(Images for object localization)
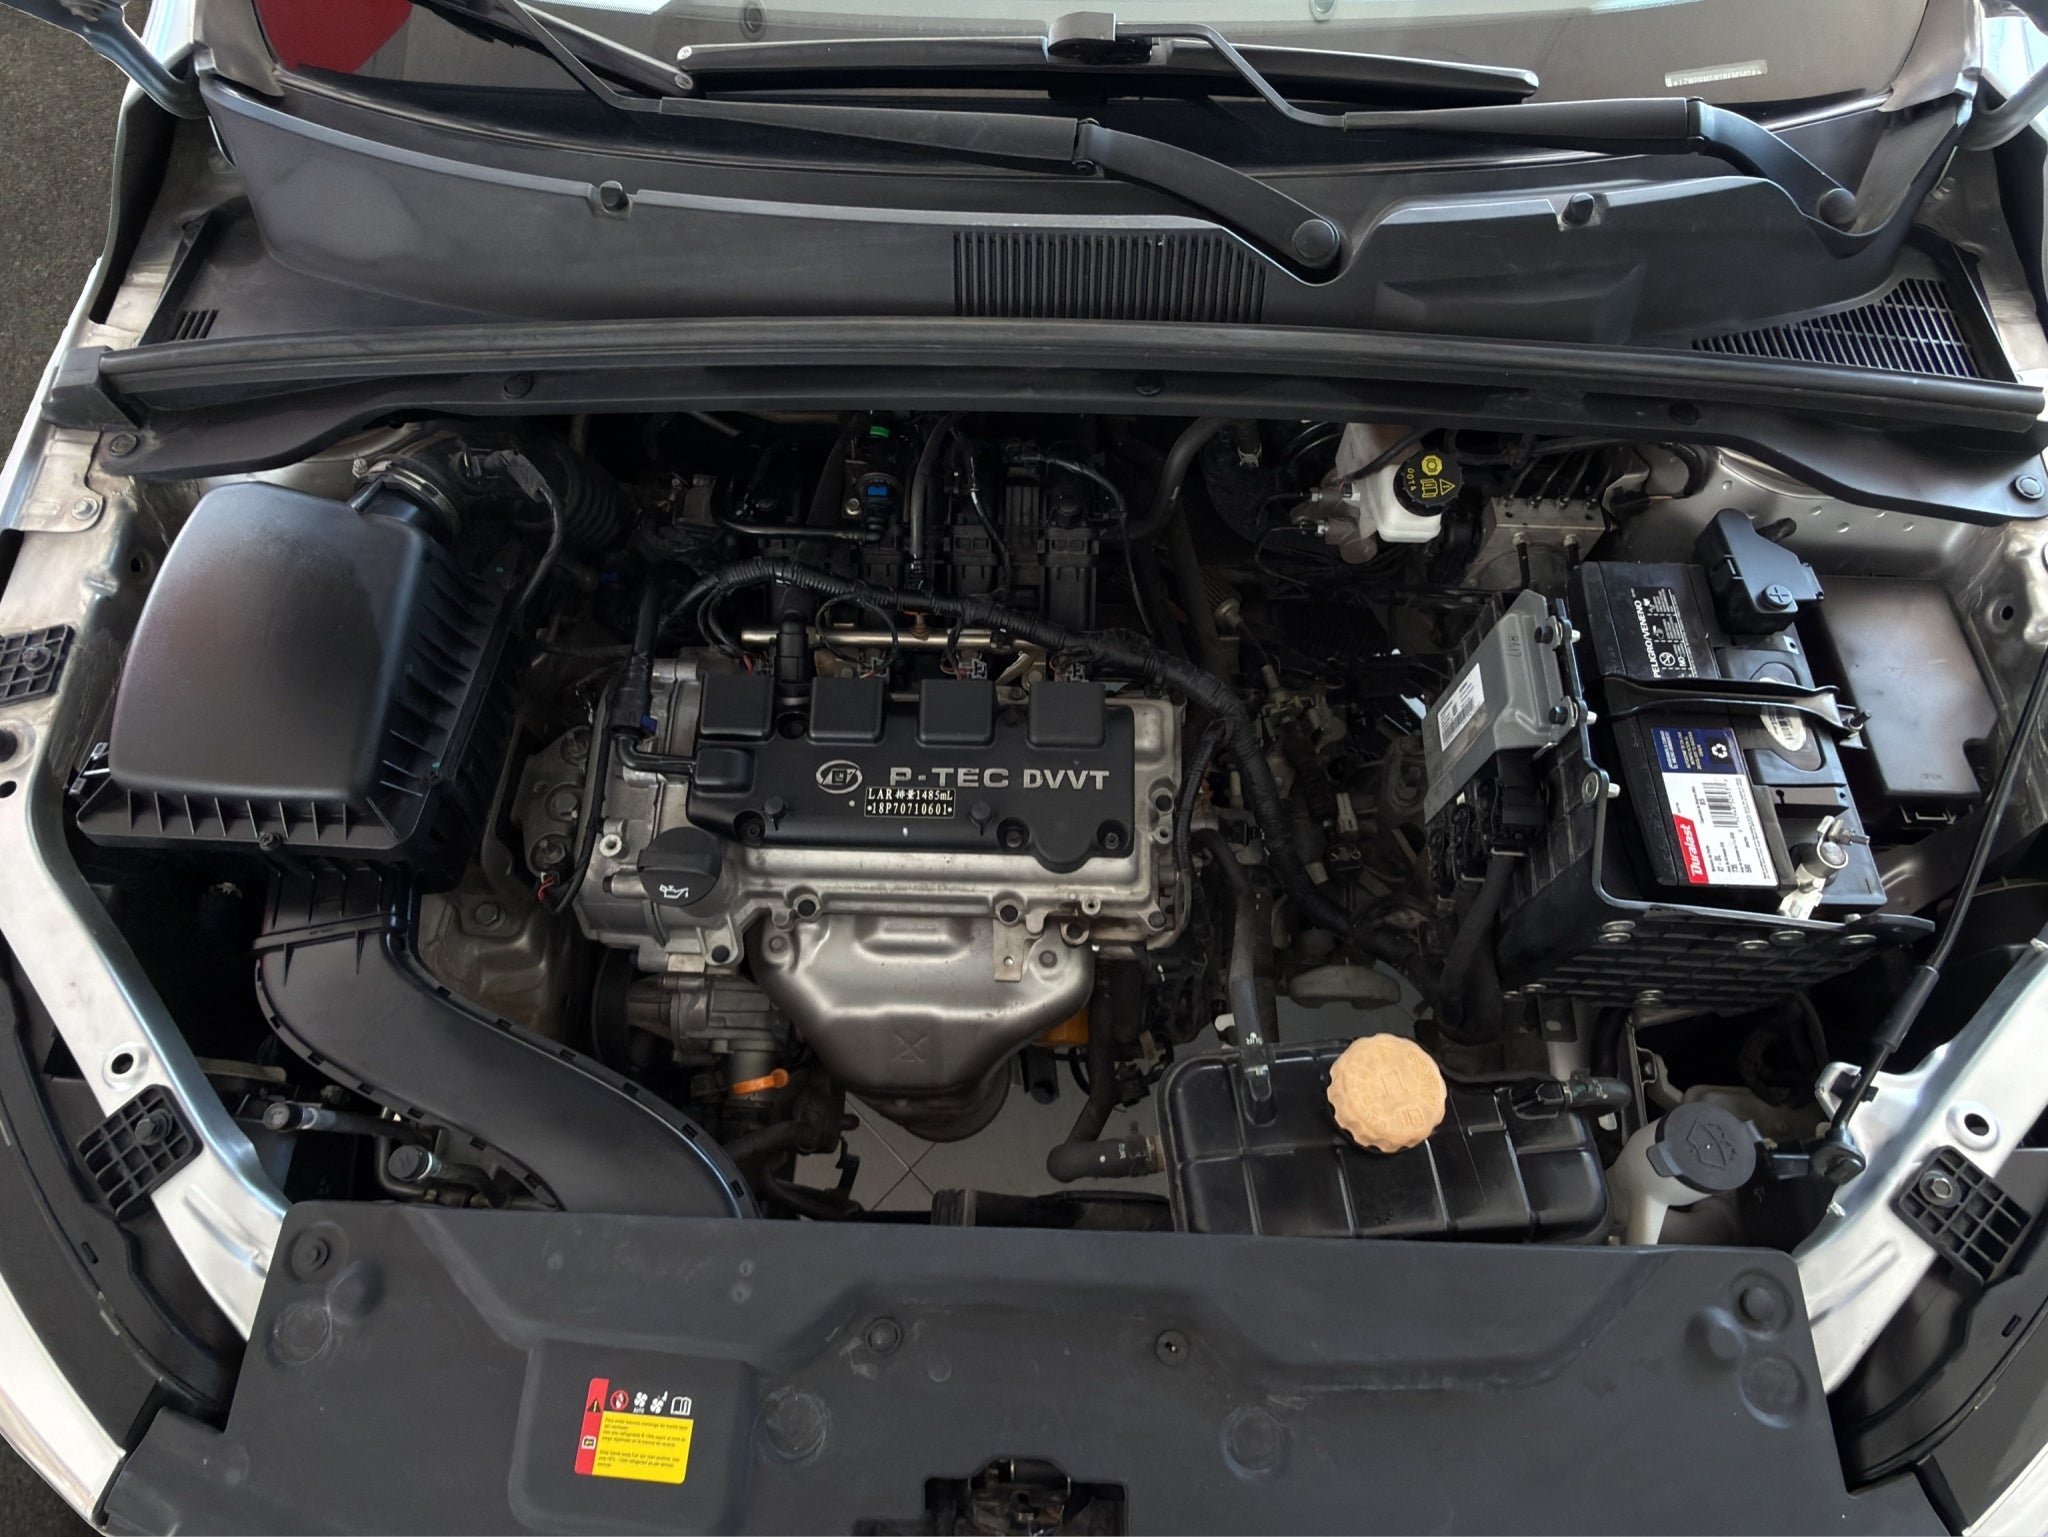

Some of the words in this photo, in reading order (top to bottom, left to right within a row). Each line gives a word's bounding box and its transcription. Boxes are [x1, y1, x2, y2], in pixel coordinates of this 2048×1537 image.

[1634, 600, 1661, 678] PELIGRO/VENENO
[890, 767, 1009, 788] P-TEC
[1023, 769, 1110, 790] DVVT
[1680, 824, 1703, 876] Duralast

=== PROBLEM STATEMENT ===
Output the whole of the data, unchanged; keep the pictures out.

=== ANSWER SPACE ===
Some of the words in this photo, in reading order (top to bottom, left to right within a row). Each line gives a word's bounding box and its transcription. Boxes are [x1, y1, x2, y2], in pixel coordinates of this 2048×1537 image.

[1634, 600, 1661, 678] PELIGRO/VENENO
[890, 767, 1009, 788] P-TEC
[1023, 769, 1110, 790] DVVT
[1680, 824, 1703, 876] Duralast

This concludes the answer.